What is a Safeguarding Adults Review
What is a Safeguarding Adults Review
As a Safeguarding Adults Board, one of our core duties is to carry out Safeguarding Adult Reviews.
The statutory guidance for the Care Act 2014 states that Safeguarding Adults Boards must arrange a SAR when:
- an adult in its area dies as a result of abuse or neglect, whether known or suspected, and there is concern that partner agencies could have worked more effectively to protect the adult.
- An adult in its area has not died, but the SAB know or suspects that the adult has experienced serious abuse or neglect. In the context of SARs, something can be considered serious abuse or neglect where, for example the individual would have been likely to have died but for an intervention, or has suffered permanent harm or has reduced capacity or quality of life (whether because of physical or psychological effects) as a result of the abuse or neglect.
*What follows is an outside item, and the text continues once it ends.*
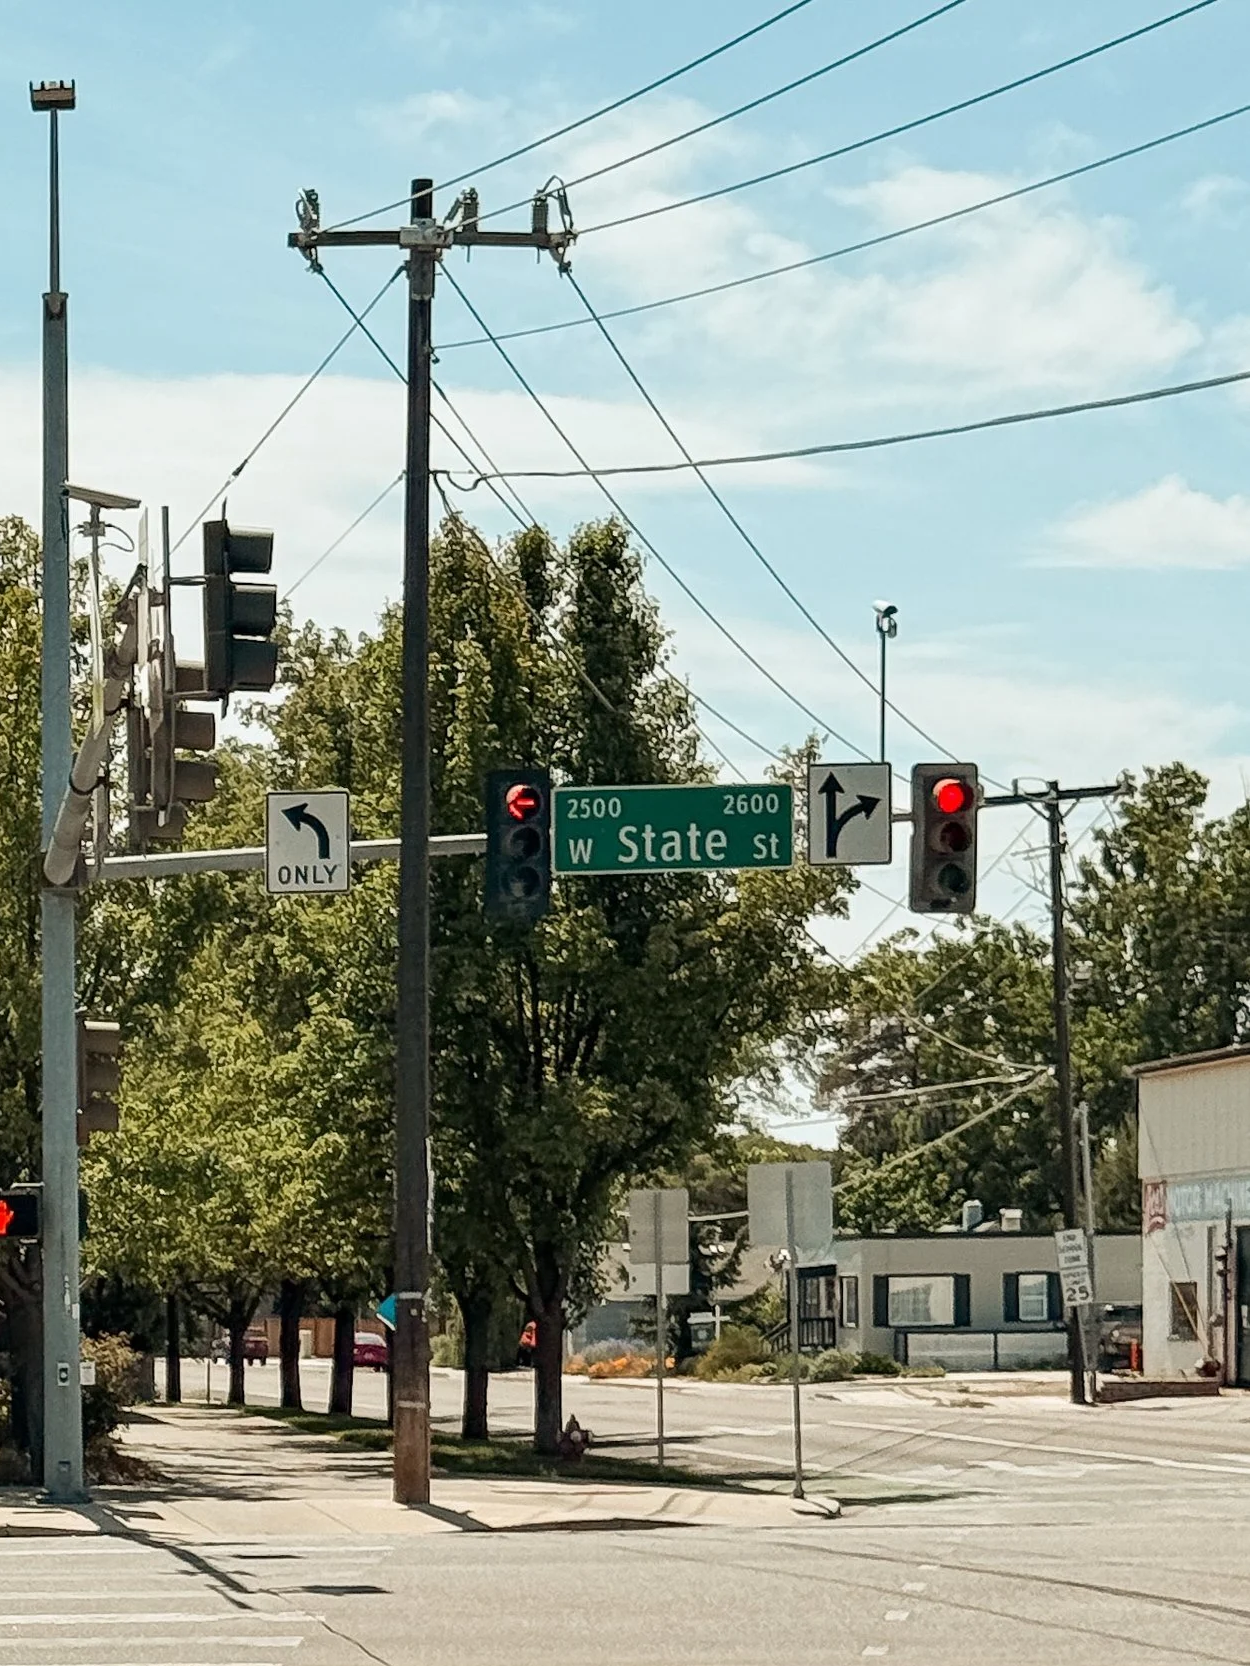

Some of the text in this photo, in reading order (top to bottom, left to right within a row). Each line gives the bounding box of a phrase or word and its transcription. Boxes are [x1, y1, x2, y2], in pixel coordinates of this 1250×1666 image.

- SABs are free to arrange for a SAR in any other situations involving an adult in its area with needs for care and support.
Purpose of a SAR
Learning lessons
SARs should seek to determine what the relevant agencies and individuals involved in the case might have done differently that could have prevented harm or death. This is so that lessons can be learned from the case and those lessons applied to future cases to prevent similar harm occurring again.
It is vital, if individuals and organisations are to be able to learn lessons from the past, that reviews are trusted and safe experiences that encourage honesty, transparency and sharing of information to obtain maximum benefit from them. If individuals and their organisations are fearful of SARs their response will be defensive and their participation guarded and partial.
Its purpose is not to hold any individual or organisation to account. Other processes exist for that, including criminal proceedings, disciplinary procedures, employment law and systems of service and professional regulation, such as CQC and the Nursing and Midwifery Council, the Health and Care Professions Council, and the General Medical Council.
Cornwall and Isles of Scilly Safeguarding Adults Board has a SAR Decision Making Panel which is a sub group of the SAB which is convened upon receipt of a referral. This panel considers all SAR referrals against the statutory criteria.